EXERCISE: Keep every word the same. Repeat the records without their images.

Start of DATASET ENTRIES

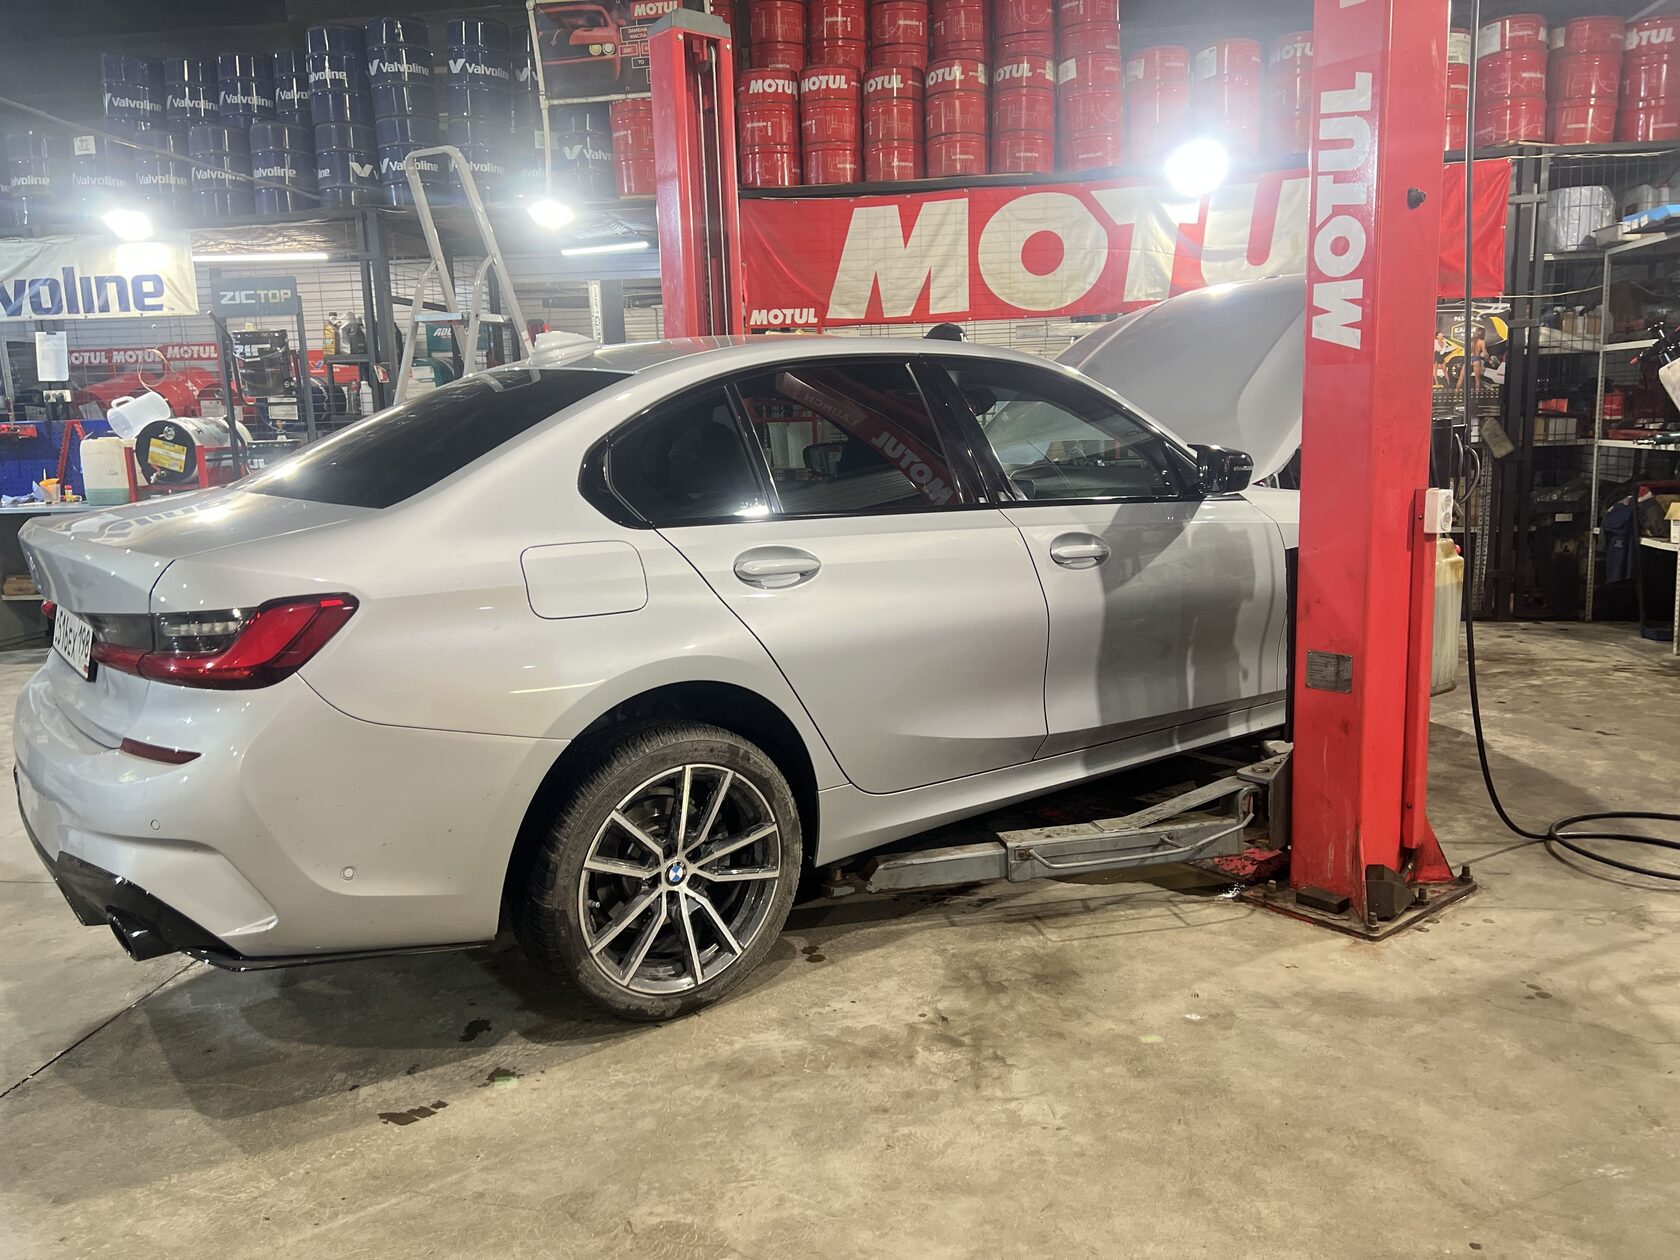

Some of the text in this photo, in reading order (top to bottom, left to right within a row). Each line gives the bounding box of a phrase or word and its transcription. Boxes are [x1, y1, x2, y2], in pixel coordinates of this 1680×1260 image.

[379, 61, 430, 76] Valvoline
[801, 75, 848, 94] MOTUL
[389, 159, 439, 171] Valoline
[1312, 72, 1373, 350] MOTUL
[219, 289, 291, 304] ZIC TOP
[750, 307, 819, 325] MOTUL
[112, 351, 161, 363] MOTUL
[167, 345, 218, 358] MOTUL
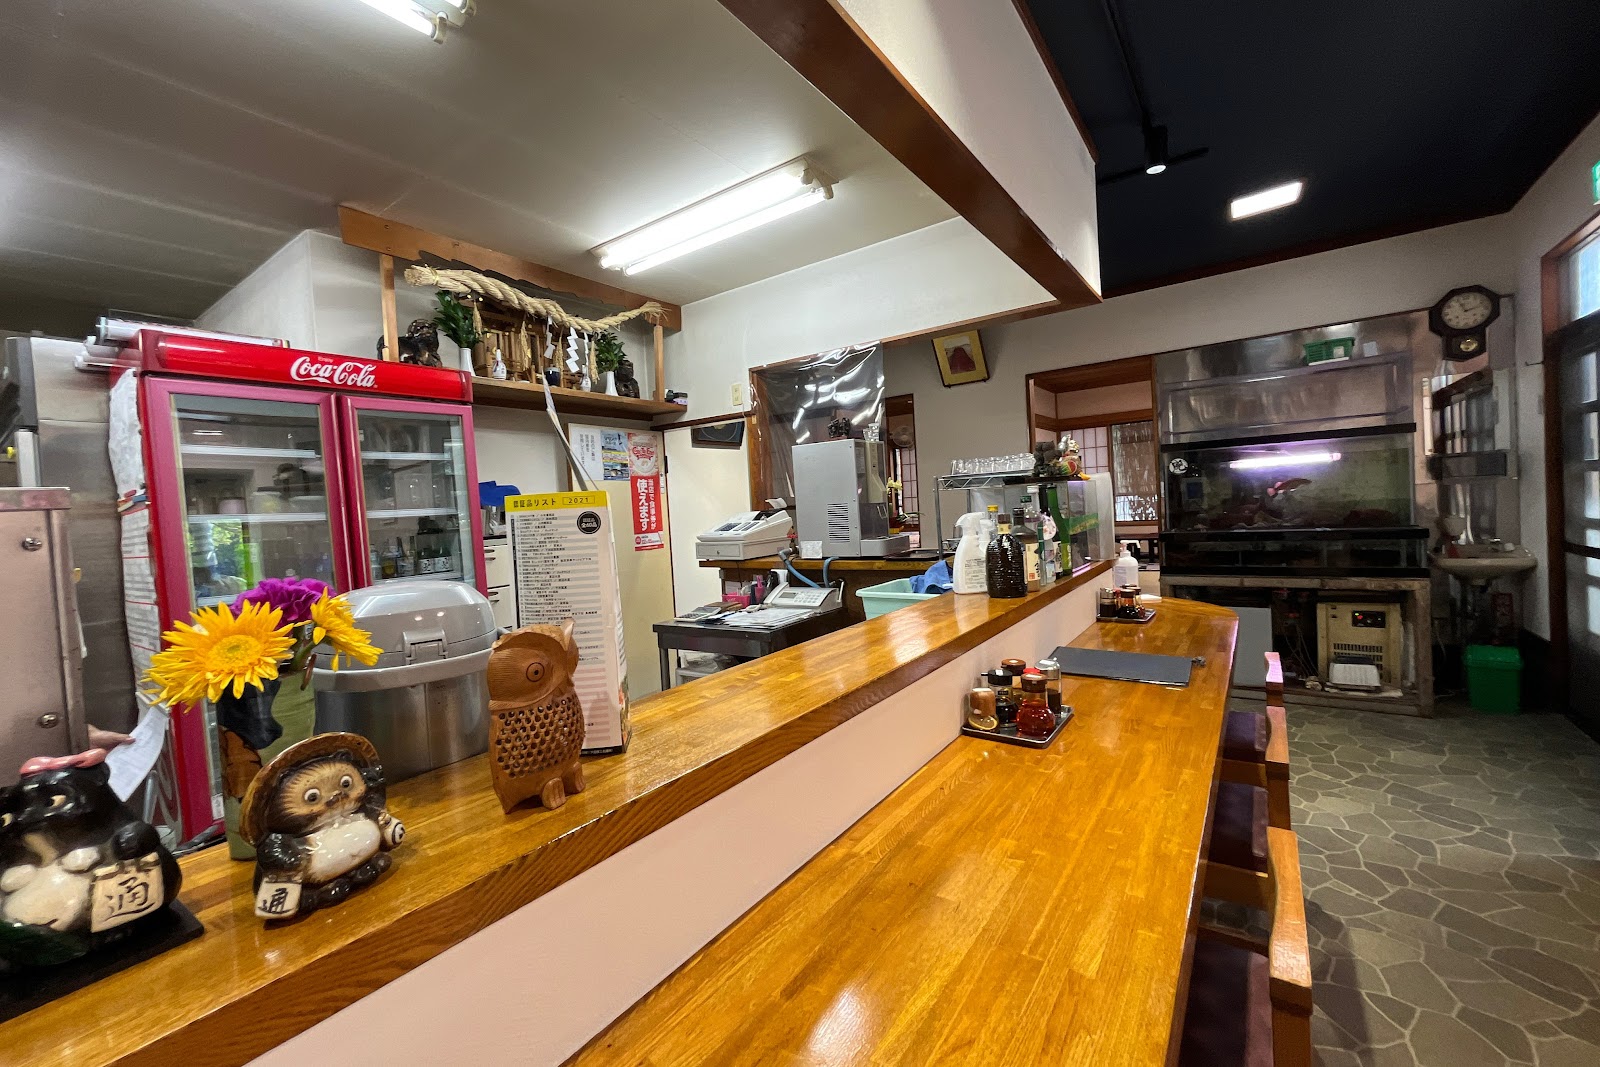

End of DATASET ENTRIES

TASK RESULT:
Some of the text in this photo, in reading order (top to bottom, left to right within a row). Each line gives the bounding box of a phrase or word and its transcription. Boxes are [x1, y1, x2, y2], in pixel coordinates of this 1680×1260 image.

[379, 61, 430, 76] Valvoline
[801, 75, 848, 94] MOTUL
[389, 159, 439, 171] Valoline
[1312, 72, 1373, 350] MOTUL
[219, 289, 291, 304] ZIC TOP
[750, 307, 819, 325] MOTUL
[112, 351, 161, 363] MOTUL
[167, 345, 218, 358] MOTUL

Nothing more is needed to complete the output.